Моцарт - [5]

Шрифт
Интервал

Когда же я впервые услышал его? Никто мне о нем не говорил, нéгде мне было его услышать. Он пришел в дом вместе со мной. И как никогда мне не вспомнить момент своего рождения, как не осознать, где находится всё (мы, наша земля, вселенная, всё-всё), — так не уловить и тот миг, когда был впервые услышан Моцарт, когда он вздохнул в нас, как бы из глубины нашей души, из тех её бездн, где уже начинает зарождаться мысль о Боге…

Salzburg

1777


Зальцбург… щёлк выключателем — ничего, щёлк-щёлк… Тогда включился слух: зальц-зальц-зальц-зальц-зальц-зальц-зальц — призывно трезвонят где-то в ночи под ямщицкой дугой колокольцы — очень по-русски. Память услужливо доносит: город, где родился Моцарт. Он так звучит во мне. Для слуха Вольфганга звучание имени родного города совершенно другое: лязгающее, клацающее — как звук замкнувшихся наручников.
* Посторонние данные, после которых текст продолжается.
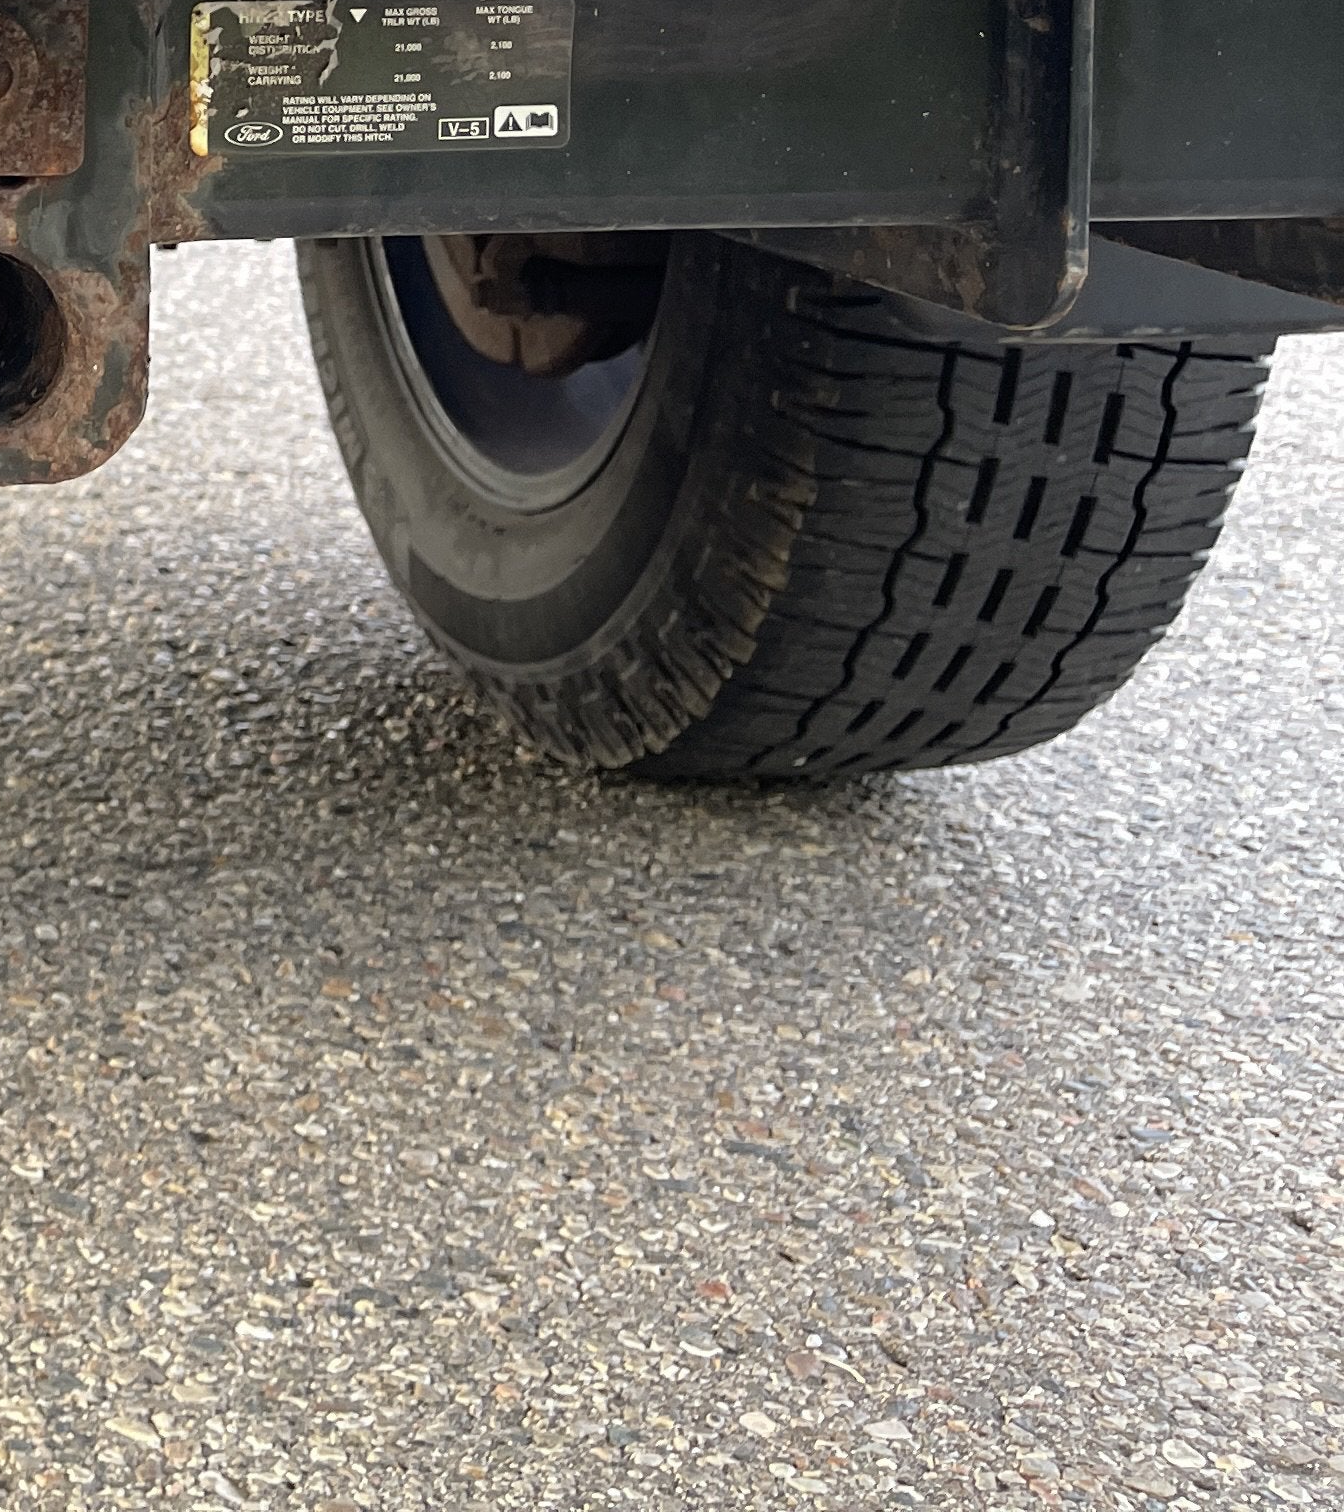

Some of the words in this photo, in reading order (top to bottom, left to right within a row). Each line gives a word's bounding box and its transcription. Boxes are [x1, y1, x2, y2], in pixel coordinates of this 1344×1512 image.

Вид Зальцбурга (на офорте, естественно) — это единственно возможное для меня знакомство с ним. Ведь мы такие же крепостные в своем отечестве (всегда и присно… во веки ли веков — не знаю), каким был и Моцарт у архиепископа Коллоредо4, с одним лишь — но: 28 августа 1777 года, вскоре после подачи прошения об отставке, Вольфганг был отпущен князем на все четыре стороны «продолжать искать, согласно Евангелию, своё счастье». Причем, заметьте, без лишения гражданства, без поражения в правах, без клейма «предателя» и «врага народа», — отпущен «согласно Евангелию, искать своё счастье». Для нас же весь остальной мир, кроме околотка, где живешь, был и по сей день остается несколькими жалкими открытками, из которых я узнаю о нем, как о недосягаемой планете из другой галактики. Даже часть Москвы — исторической Москвы, — только жиденькая стопка открыток в море белых пятен, в мире вечной слепоты — от рождения. Я не зрячий на многие города там, за кордоном моей страны, на их жителей, таких же, как я, мiрян на этой планете. Я не зрячий на Гроб Господний, на Святую землю, по которой ходил Иисус. Для меня мир — в картинках.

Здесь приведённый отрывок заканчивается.